Malgré le fait que les bédouins n’ont pratiquement pas d’histoire de nationalisme, Ibrahim ajoute : « Avant 1948 [2], nous étions Palestiniens. « Quand les Israéliens sont arrivés ils ont aboli notre identité palestinienne. J’ai une carte d’identité israélienne. Je conduis une voiture avec des plaques israéliennes. Je suis un citoyen d’Israël. Mais je suis un citoyen de deuxième zone » .
Les Bédouins ont très peur de déménager dans les sept ‘townships’ existants (qui n’ont eux-mêmes que des services très minimes) établis pour eux par l’état à la fin des années 60. Sept autres ‘townships’ ont été prévus depuis longtemps mais rien n’a été construit jusqu’à présent.
Quand Suleiman Abu Speyt (46 ans) dit en parlant de ce projet : « ici, je suis avec mes frères. Là-bas je ne connaîtrai personne. Cela m’est égale si je dois dormir dans des tentes ou en plein air. Je ne vais pas y aller » il touche à quelque chose de fondamental pour les bédouins. Chaque village tend à être occupé par une famille étendue, ce qui non seulement empêche les disputes entre familles mais aussi donne aux femmes plus de liberté puisqu’elles peuvent sortir et aller chez leurs voisins chose qui ne leur serait pas possible parmi les étrangers - et quelque chose qui, à son tour, souligne la nécessité d’avoir des cliniques de santé élémentaires dans chaque village.

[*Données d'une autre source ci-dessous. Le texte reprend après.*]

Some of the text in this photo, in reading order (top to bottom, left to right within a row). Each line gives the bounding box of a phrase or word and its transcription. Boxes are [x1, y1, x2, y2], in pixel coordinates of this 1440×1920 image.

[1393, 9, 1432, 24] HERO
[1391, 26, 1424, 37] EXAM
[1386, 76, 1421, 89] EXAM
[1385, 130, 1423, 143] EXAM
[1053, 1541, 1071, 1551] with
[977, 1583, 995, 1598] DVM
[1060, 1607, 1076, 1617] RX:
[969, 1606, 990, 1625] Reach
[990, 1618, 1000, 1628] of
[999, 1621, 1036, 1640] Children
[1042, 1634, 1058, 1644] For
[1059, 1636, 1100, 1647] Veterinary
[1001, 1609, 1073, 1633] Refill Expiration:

Clinton Bailey, un universitaire israélien né aux USA et un expert de la culture bédouine, qui a fait de l’activisme pour les bédouins au début des années 90, pense que leur destinée finale sera dans les ‘townships’.
Cette année il a même essayé de négocier avec l’état au nom des bédouins qui ne peuvent pas construire de nouvelles maisons quand ils se marient. Mais les contacts récents avec les officiels du gouvernement qui s’occupent des bédouins, lui laisse penser que même Ariel Sharon, malgré le fait qu’il ait été un des défenseurs les plus virulents de la doctrine de Dayan, comprend que la carotte ainsi que le bâton sont nécessaires pour aboutir à ces objectifs. Il pense qu’au moins 2 milliards $ des 17 milliards $ prévus par Sharon et Peres pour l’immense projet de développement visant à amener plus de logements, industries et agriculture juifs dans le Néguev sera utilisé pour faciliter l’évacuation des Bédouins des villages non-reconnus.

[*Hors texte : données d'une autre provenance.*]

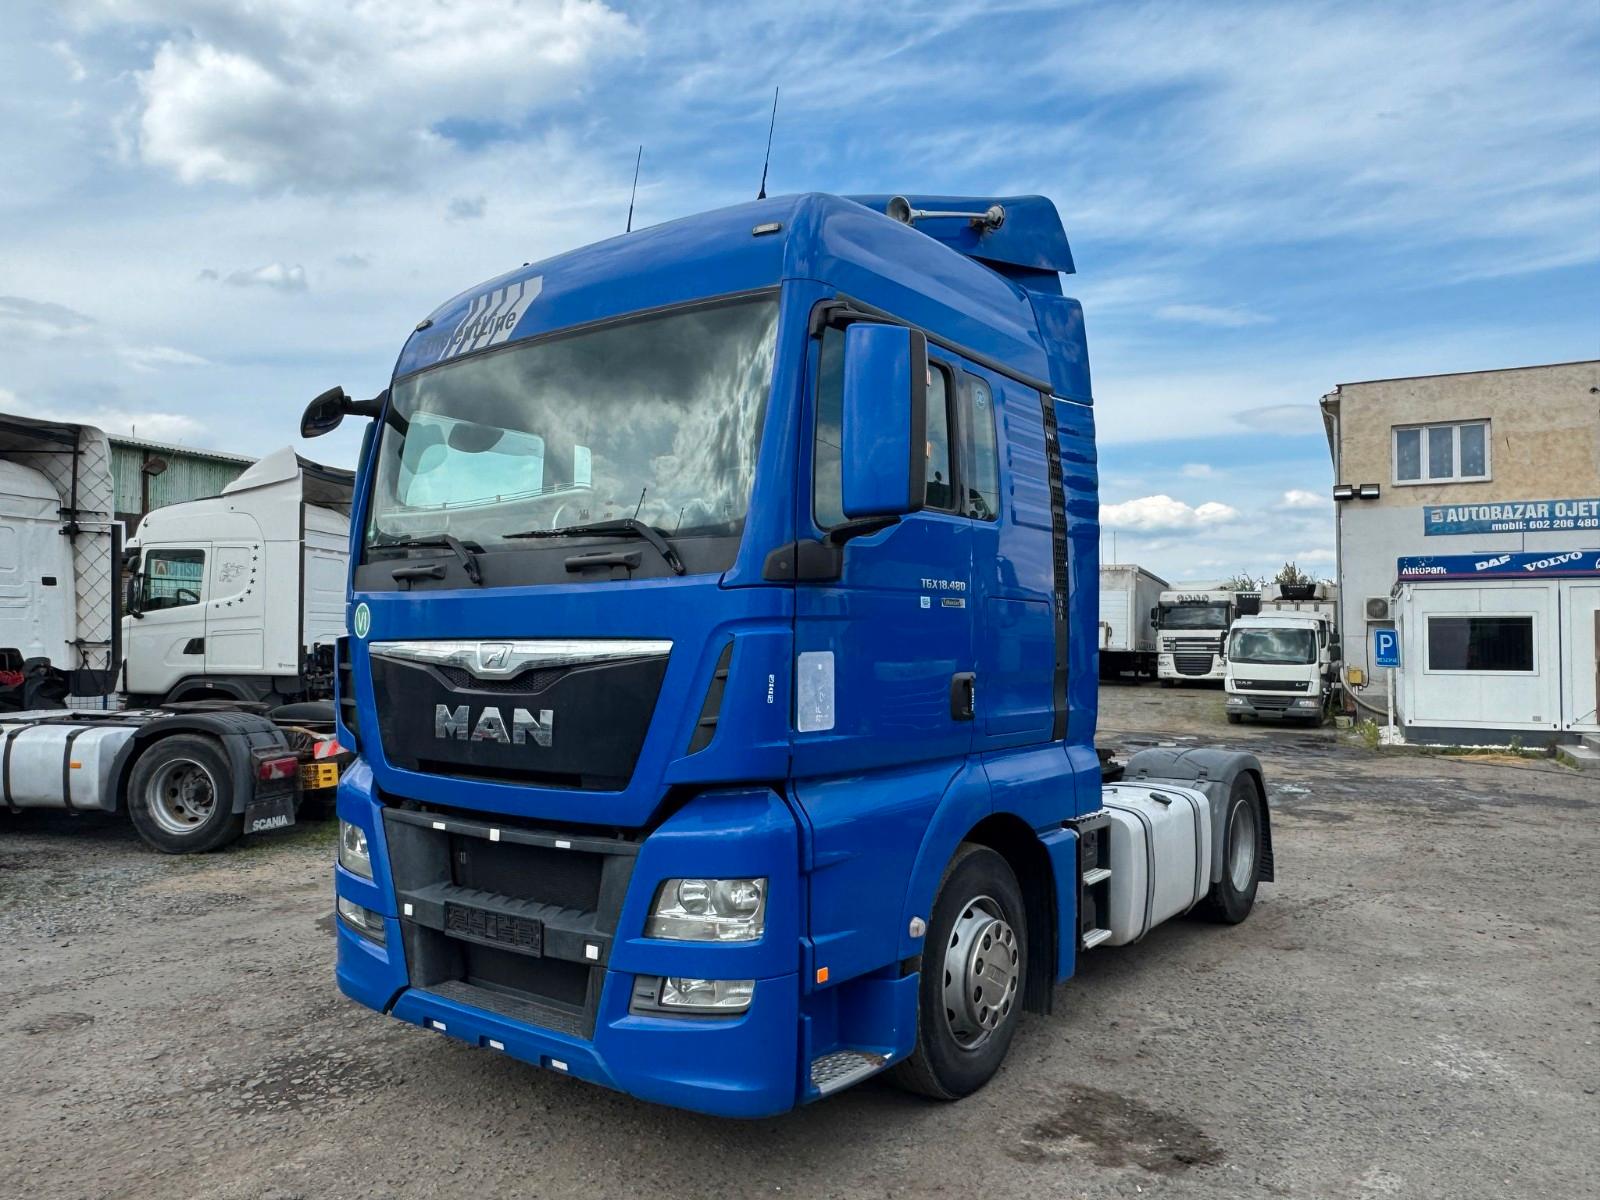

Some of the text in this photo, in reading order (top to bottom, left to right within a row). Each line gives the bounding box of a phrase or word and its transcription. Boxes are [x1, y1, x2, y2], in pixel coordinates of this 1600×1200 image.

[1446, 501, 1599, 523] AUTOBAZAR OJET
[1529, 520, 1550, 529] 602
[1553, 519, 1574, 528] 206
[1577, 518, 1599, 527] 480
[1475, 555, 1511, 571] DAF
[1523, 551, 1583, 572] VOLVO
[1380, 634, 1393, 655] P
[435, 704, 554, 747] MAN
[252, 815, 288, 831] SCANIA

Cela sera fait par exemple en utilisant la médiation pour traiter des revendications de terres et donner des dédommagements tout en vérifiant que la deuxième vague de ‘townships’ soient non seulement construits mais aussi qu’ils soient équipés correctement avant l’arrivée des Bédouins. « J’ai plus confiance maintenant que je n’ai jamais été pendant beaucoup d’années » dit-il.
Ni son optimisme (ni son point de vue sur une solution à long terme) n’est partagé par les groupes tels que le PHR qui ont depuis longtemps fait campagne pour que les villages soient reconnus et que les services soient fournis.

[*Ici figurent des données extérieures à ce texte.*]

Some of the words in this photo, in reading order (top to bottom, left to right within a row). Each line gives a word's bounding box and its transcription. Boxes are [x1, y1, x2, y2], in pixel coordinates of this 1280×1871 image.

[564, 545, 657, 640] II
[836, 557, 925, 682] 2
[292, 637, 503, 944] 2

Orly Almi du PHR dit qu’au contraire « le gouvernement utilise encore plus la force et émet encore plus d’ordres de démolition. Et, à moins que la Cour ne leur dise d’arrêter d’épandre les récoltes, cela recommencera. » Elle ajoute : « Le plan le plus important vise à implanter le judaïsme dans le Néguev. Ce ne peut pas être une coïncidence que le gouvernement planifie souvent des colonies juives proches des villages non-reconnus. » Mais en soutenant qu’il y a assez d’espace pour que les deux co-existent, elle ajoute : « il n’y a pas de raisons pour que les communautés juives ne vivent pas à côté des villages bédouins, tous deux reconnus. Mais cela semble impossible en Israël ».